Book Read Free

The Hemingway Files

Page 18

by H. K. Bush


  “She looked at me, her face blank. ‘Yes?’

  “‘It has to do with the lost manuscripts.’

  “‘Oh, that damned, painful subject again!’ She looked almost relieved, and spoke in a mocking, rather funny way. ‘How many times must I tell it?’

  “‘It seemed a little rehearsed to me. And suddenly I went in for the coup de grace. ‘I wonder if you might comment about this letter that Pound gave to me?’ I handed her a copy of the document.

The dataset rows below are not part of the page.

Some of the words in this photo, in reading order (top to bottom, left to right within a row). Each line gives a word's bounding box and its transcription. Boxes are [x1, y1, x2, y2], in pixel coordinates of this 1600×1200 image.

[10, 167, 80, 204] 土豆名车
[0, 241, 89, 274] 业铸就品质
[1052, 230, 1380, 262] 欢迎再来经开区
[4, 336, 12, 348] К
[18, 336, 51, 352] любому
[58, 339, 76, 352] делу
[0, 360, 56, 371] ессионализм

  “She began reading, and very quickly her eyes became wider, and her head turned downward just slightly. Then she brightened and looked at me. ‘And so just what exactly is all this supposed to mean? That we are to take seriously the words of an old, broken down genius, who spent twelve years in an insane asylum?’

  “I took a moment before responding. ‘I believe he is telling the truth, Mrs. Mowrer. There is other evidence to support his story, and so I cannot think that it is an invention. Unless you can tell me otherwise.’ She began to protest, but I kept going. ‘I should also assure you that I have promised Mr. Pound that I would never reveal any of these secrets until at least twenty years after the passing of any of the … major players in the drama, so to speak. I must tell you that I have long suspected some sort of conspiracy. It was only in recent years that I finally discovered what seemed to be a workable explanation. And so I visited Mr. Pound in order to test my explanation. He was altogether forthcoming in our conversations, and spoke as any sane, highly intelligent man of his stature should be expected to speak.’ I waited a moment. ‘And he also produced some very old manuscripts.’

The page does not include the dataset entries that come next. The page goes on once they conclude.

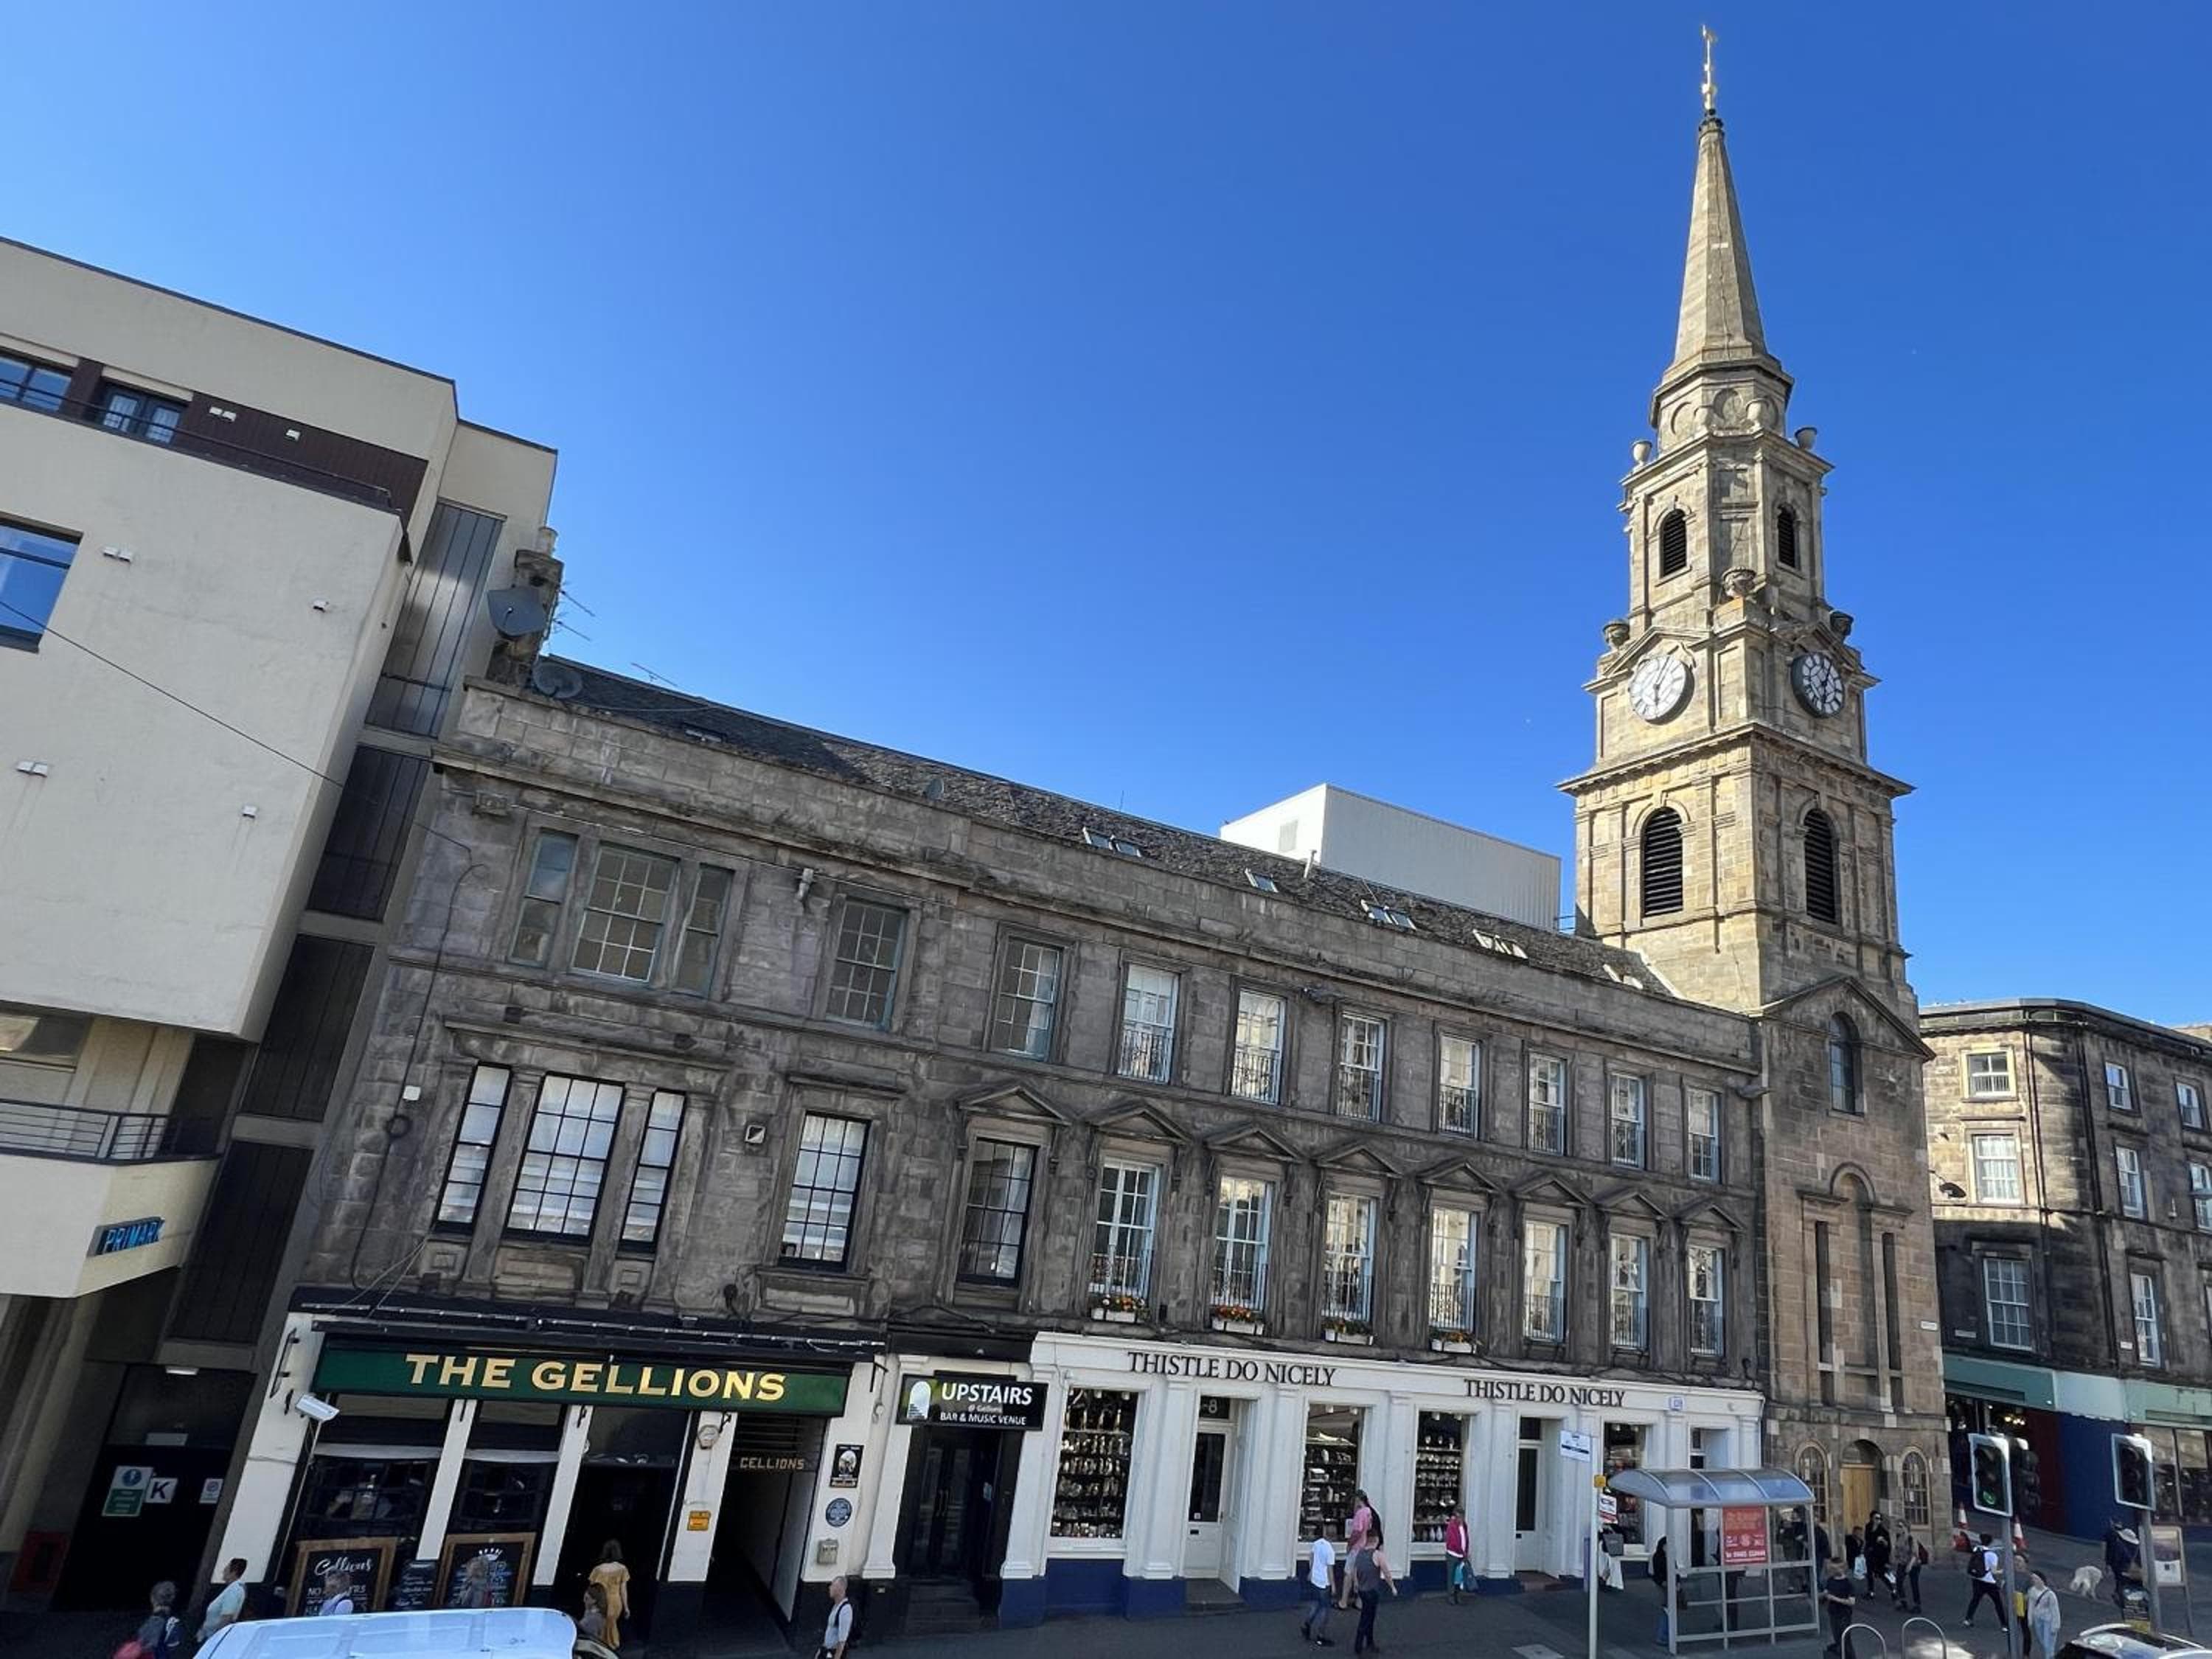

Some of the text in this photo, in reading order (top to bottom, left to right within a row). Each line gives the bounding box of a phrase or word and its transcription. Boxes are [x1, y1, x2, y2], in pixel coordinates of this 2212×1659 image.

[406, 1354, 787, 1401] THE GELLIONS
[1128, 1352, 1338, 1386] THISTLE DO NICELY
[942, 1382, 1033, 1405] UPSTAIRS
[1464, 1379, 1625, 1407] THISTLE DO NICELY
[940, 1412, 1027, 1425] BAR & MUSIC VENUE
[150, 1481, 170, 1499] K

  “She sat motionless and rather fatigued-looking for several long moments. She consulted the copy of Pound’s letter once more, shaking her head as if she couldn’t trust her eyes to read the words on the page. I wanted to launch into another long statement, but felt it was correct to wait for her to respond.

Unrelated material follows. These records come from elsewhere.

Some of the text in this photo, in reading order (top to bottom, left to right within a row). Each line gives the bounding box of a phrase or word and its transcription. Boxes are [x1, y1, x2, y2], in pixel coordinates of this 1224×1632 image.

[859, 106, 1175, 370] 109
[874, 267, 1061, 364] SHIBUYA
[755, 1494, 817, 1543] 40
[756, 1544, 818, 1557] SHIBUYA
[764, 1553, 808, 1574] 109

  “Finally she did. ‘He told me he would never reveal to ANYONE what we had done.’ She stamped her foot in a moment of petulance. I could see her mind working, trying to determine how to respond, what tack to take. I waited. Finally, she looked me in the eye. ‘It was all for Ernest. I wanted so much for him to be recognized as the great writer we all knew him to be. And now we can all see that greatness so plainly. Ezra was our wonderful friend, and his wise advice had already changed so many people’s lives. Tom Eliot called him the master craftsman.’ She looked at me for some kind of sympathy.

  “‘Can you verify that Pound’s account is accurate?’

  “She put her face into her hands, then looked up once more. ‘And is this to remain secret? Can you assure me of this? Because I simply cannot stand to be dragged once more, again and again, into the newspapers. When Ernest died, it was all just too much. Every reporter forced me to relive the tragedies over and over again. And this coming out … ’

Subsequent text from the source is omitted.